Tali fattori sono di tipo diverso. In parte attengono alle responsabilità loro attribuite: a seconda dei casi, esorbitanti e spesso improprie o – all’opposto – troppo limitate o non chiare. Gioca poi la carenza di razionalità organizzativa: sia per l’incompetenza, le interferenze, l’erraticità comportamentale di tanti imprenditori (specie piccoli e medi), sia per la discrasia tra gli organigrammi formali e quelli reali. Ma vengono citate pure le frequenti ‘guerre per bande’ in varie aziende (specialmente medio-grandi e grandi), oltre alle crisi di mercato e alle risposte frequentemente improvvide a tali crisi.
C’è poi chi lamenta le carenze quali-quantitative delle risorse umane, aggravate a volte da certo sindacalismo corporativo e dalle intrusioni anti-meritocratiche della cattiva politica e della stessa criminalità organizzata (specie a Roma e al sud); e così via. Un punto-chiave va sottolineato: è anzitutto il ‘clima’ aziendale a indurre infelicità nei manager, quando (troppo spesso) esso risulta connotato da uno specifico mix, quello costituito da tre impossibilità: di motivare i propri collaboratori e l’intero corpo aziendale; di creare comunità professionali a un tempo umanamente ‘calde’, coese e orientate al risultato; di offrire strategie e politiche trasparenti e condivise.

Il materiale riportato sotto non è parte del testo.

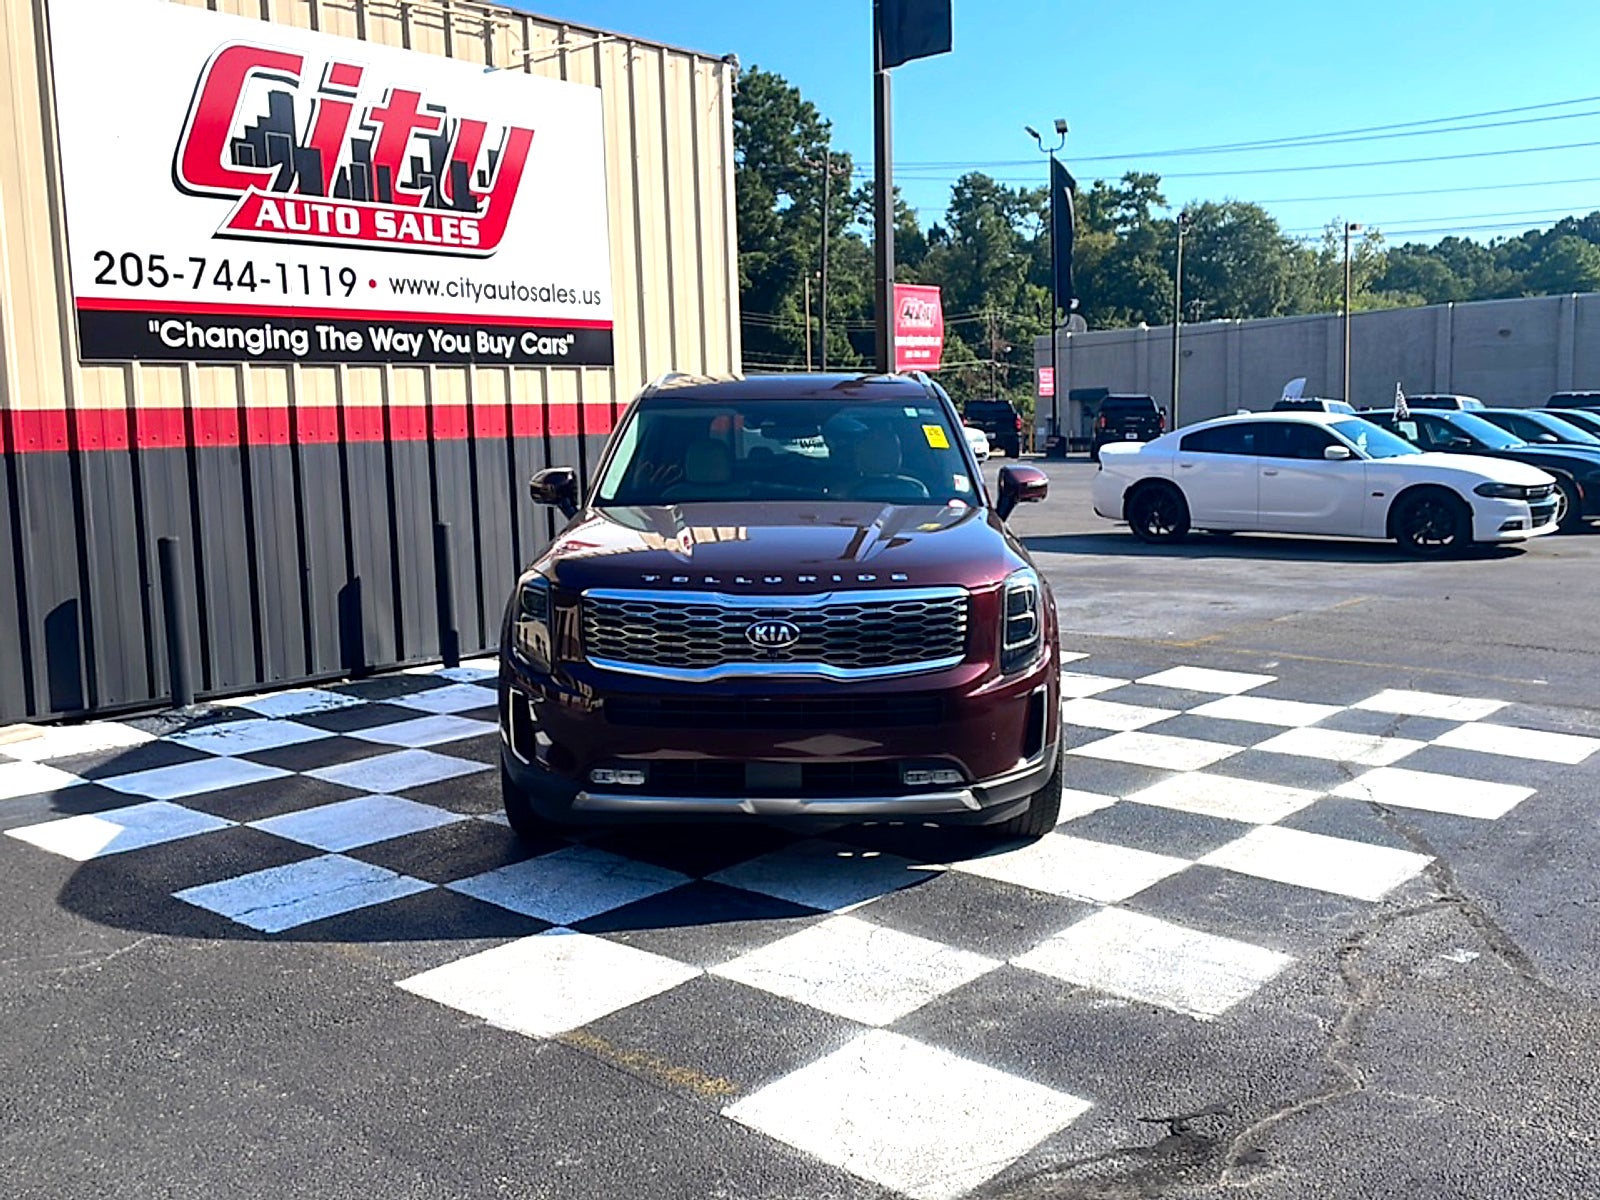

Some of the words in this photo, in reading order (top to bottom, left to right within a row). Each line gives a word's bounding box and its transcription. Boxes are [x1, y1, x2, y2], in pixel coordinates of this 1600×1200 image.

Trova qui conferma una tesi ‘classica’: la soddisfazione esistenziale è legata – più che ai soldi, al potere, allo status – alla qualità dei rapporti umani, al gioco di squadra, al comune impegno per il raggiungimento di una meta condivisa (non al suo conseguimento ma alla tensione verso l’obiettivo), alla forza motivante di un progetto (produttore di senso e fondato su valori). In sintesi: nel Bel Paese i manager sono spesso contenti di esserlo ma non di come possono muoversi. Certo, il 6% afferma “vivo una vita che non è la mia” e il 10% aggiunge “mi sento contraddittorio, in conflitto con me stesso”, talché il 13% si racconta “incapace di decidere cosa fare oggi e in futuro”.
Ma, a parte questa minoranza, il grosso non appare de-identificato: epperò raramente si dice pienamente realizzato. E, allora, che fare? Da un lato, le imprese dovrebbero porsi l’obiettivo di diminuire gli ostacoli al perseguimento della felicità dei propri dirigenti, quadri, professional, stipendiati e salariati: non (o non solo) per ‘bontà’ ma per ragioni di efficienza, produttività, creatività. E qui gli strumenti a disposizione dell’impresa sono diversi e in larga parte già sperimentati.

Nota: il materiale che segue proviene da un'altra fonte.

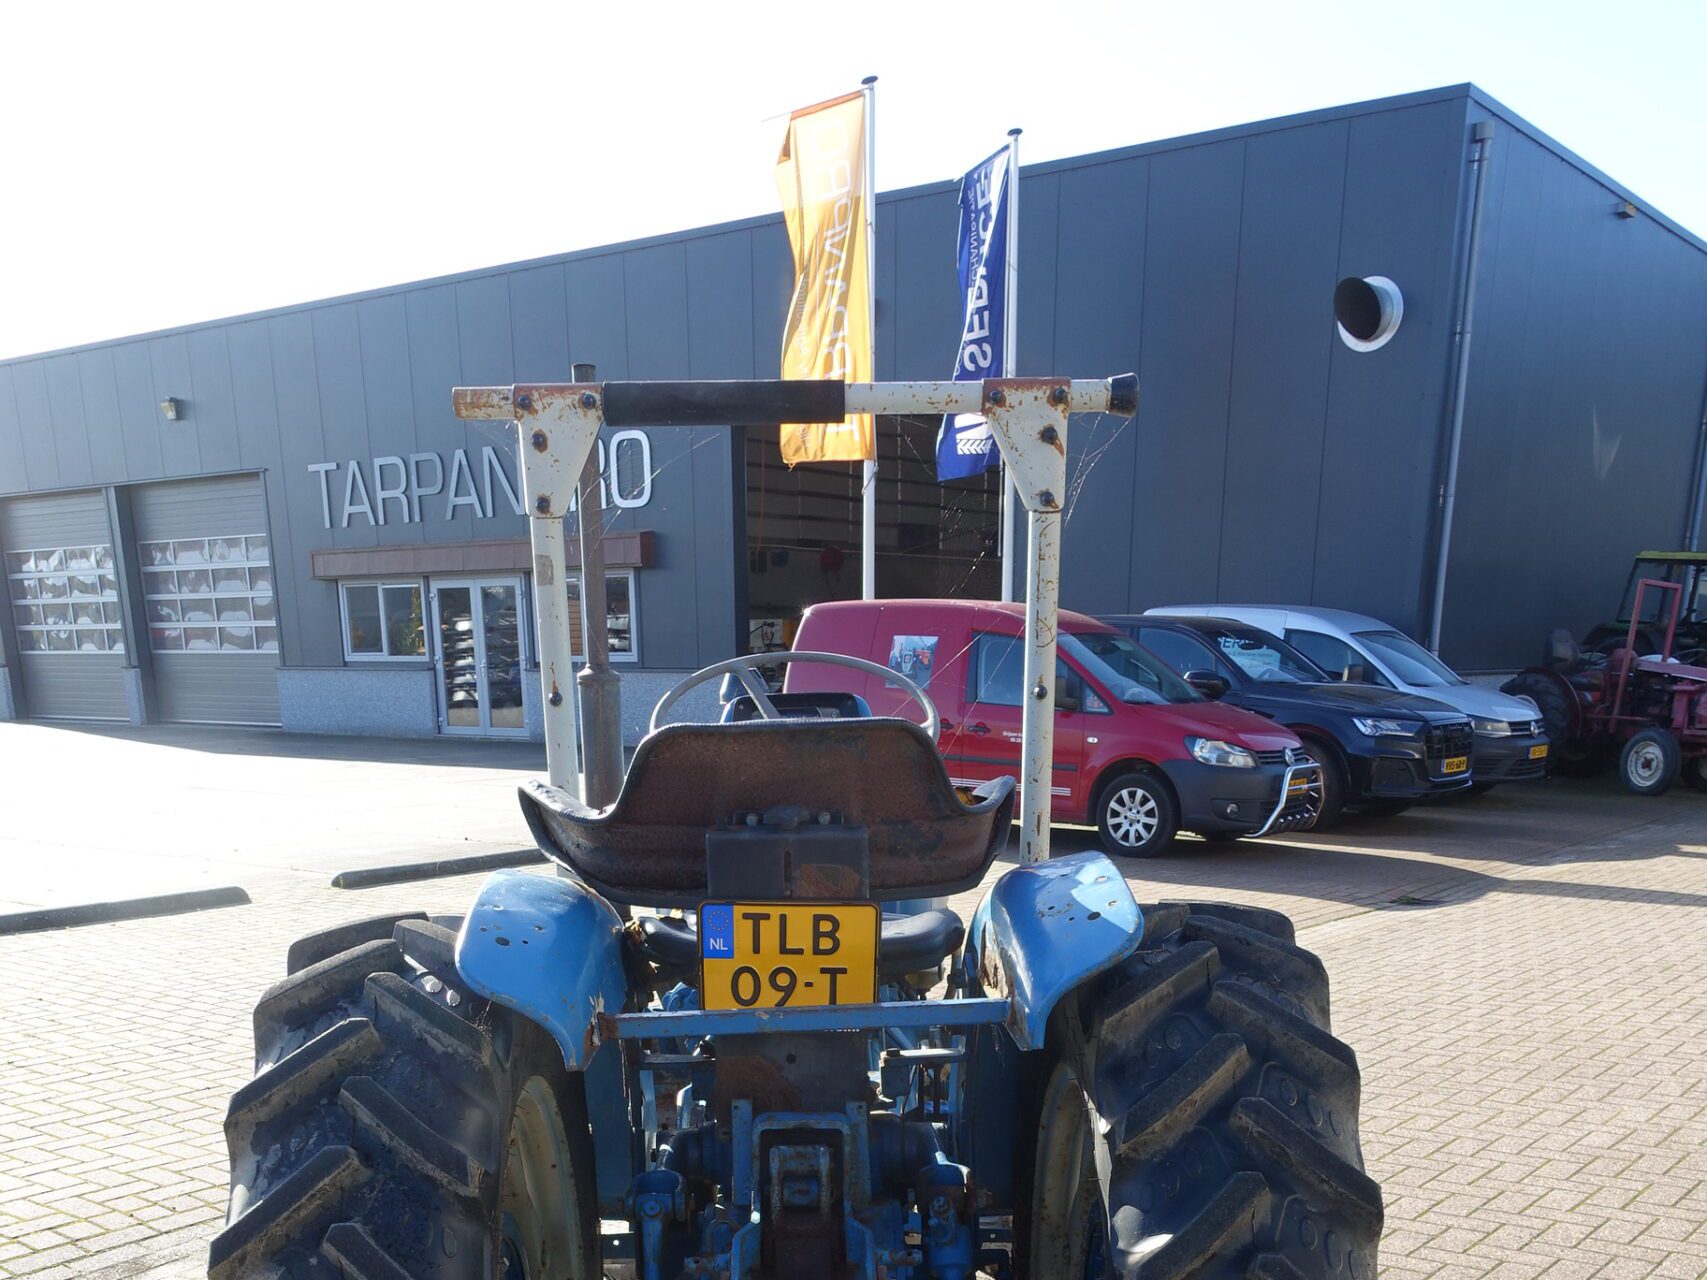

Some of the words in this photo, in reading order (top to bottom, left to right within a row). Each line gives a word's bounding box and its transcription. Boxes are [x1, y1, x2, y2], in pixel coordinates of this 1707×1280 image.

[307, 430, 652, 529] TARPANO
[709, 938, 729, 951] NL
[742, 912, 841, 956] TLB
[730, 965, 848, 1007] 09-T

Dall’altro lato, si può lavorare sulla soddisfazione esistenziale del dirigente come persona, usando i nuovi ‘tools’ che la ricerca e l’esperienza hanno messo a disposizione negli ultimi anni (un esempio si può leggere su www.sono-tuning.it). Di tali ‘arnesi’ mi sto occupando dopo una vita passata nel mondo delle indagini sociali e di marketing. Sono state proprio le numerose ricerche che ho condotto negli ultimi quindici anni a confermare la tesi di Abraham Maslow, il grande psico-sociologo americano noto da noi quasi solo per la teoria e la piramide delle motivazioni.
In un mondo in cui tutto viene medicalizzato, Maslow ha proposto un approccio positivo volto alla maggioranza dei cittadini (e dei dirigenti) privi di significativi problemi psicologici e – proprio perciò – in grado di individuare la propria strada verso una maggior soddisfazione esistenziale e il proprio sviluppo autorealizzativo. Ed è interessante notare che esistono ormai servizi rivolti sia ai singoli individui, sia a gruppi aziendali (in particolare ‘top’) atti – con un approccio scientifico e l’utilizzo di un’ampia batteria di test originali – a migliorare il proprio bilancio esistenziale, anche in condizioni ambientali non favorevoli.